In a conversation with a Social Media expert, I learned that those people involved in the Total Quality movement, the drive to make improvements in almost everything, work closely with computers and numerical metrics. His view of Social Media usage included measuring the results of Social Media marketing. I agreed about measuring results and those people I've known working in the quality movement tend to be more technically oriented.
I would submit that any movement to define and improve quality must include the element of human beliefs, actions, interactions and relationships. However, the technological counter might be "You can't measure beliefs".

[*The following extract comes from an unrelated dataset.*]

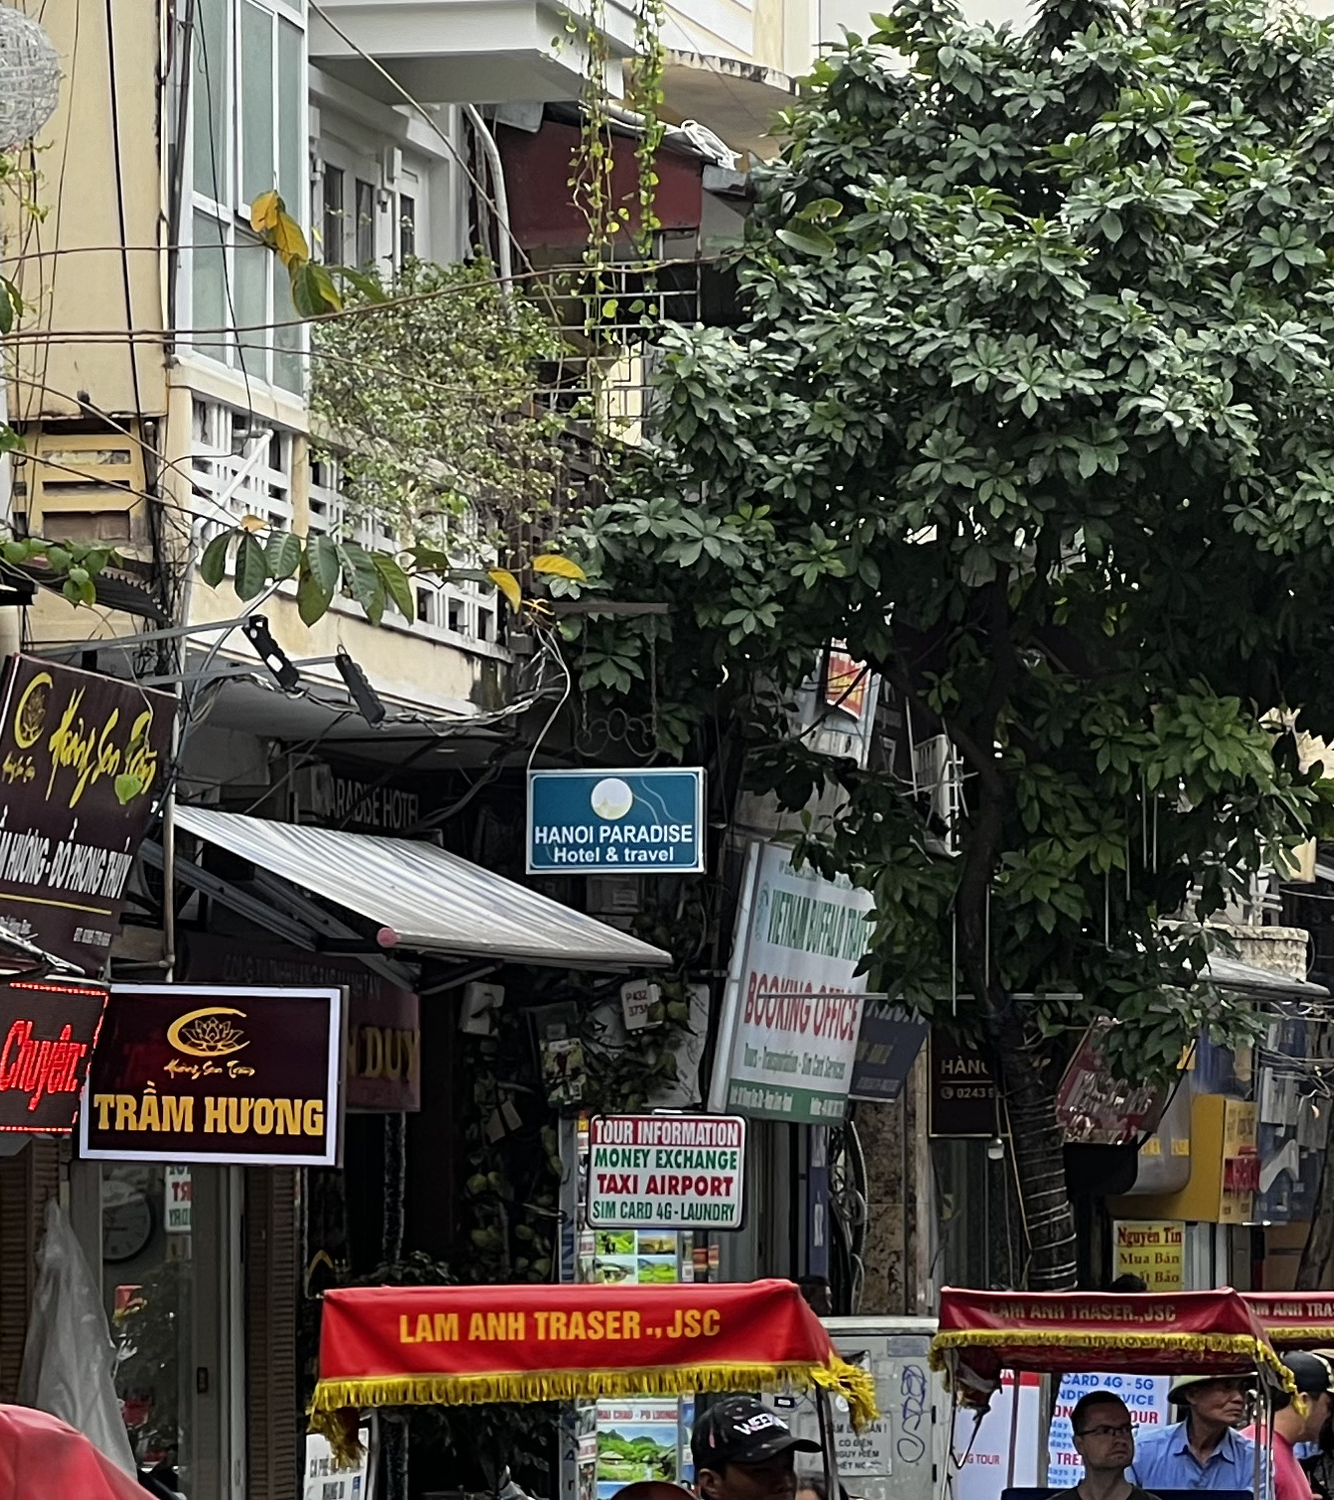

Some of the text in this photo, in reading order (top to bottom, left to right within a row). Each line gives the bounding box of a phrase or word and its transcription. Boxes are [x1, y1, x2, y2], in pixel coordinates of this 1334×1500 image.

I once worked on a project to help a company improve the interactions between their front line customer service staff and their customers. One organizational leader said, "We want our CSRs to be nice, but you can't train people to nice and you can't measure nice."
But, of course you can define what "nice" means to your organization, and when "nice" is defined in terms of behavior - how interactions and relationships should be conducted between your staff and your customers - you can then train to those behavior requirements. In fact, we created an entire process for being "nice" and called it the Six steps to excellence in customer service.
Leaders must come to realize that a key leadership responsibility is to purposefully affect the beliefs of the people in their organization and which in turn, influences behaviors. "Nice" can certainly be defined in terms of how we behave, and it can be taught.

Total Quality includes more than adding and subtracting easily quantifiable numbers. Total Quality includes investigating and improving high-value human actions, interactions and relationships.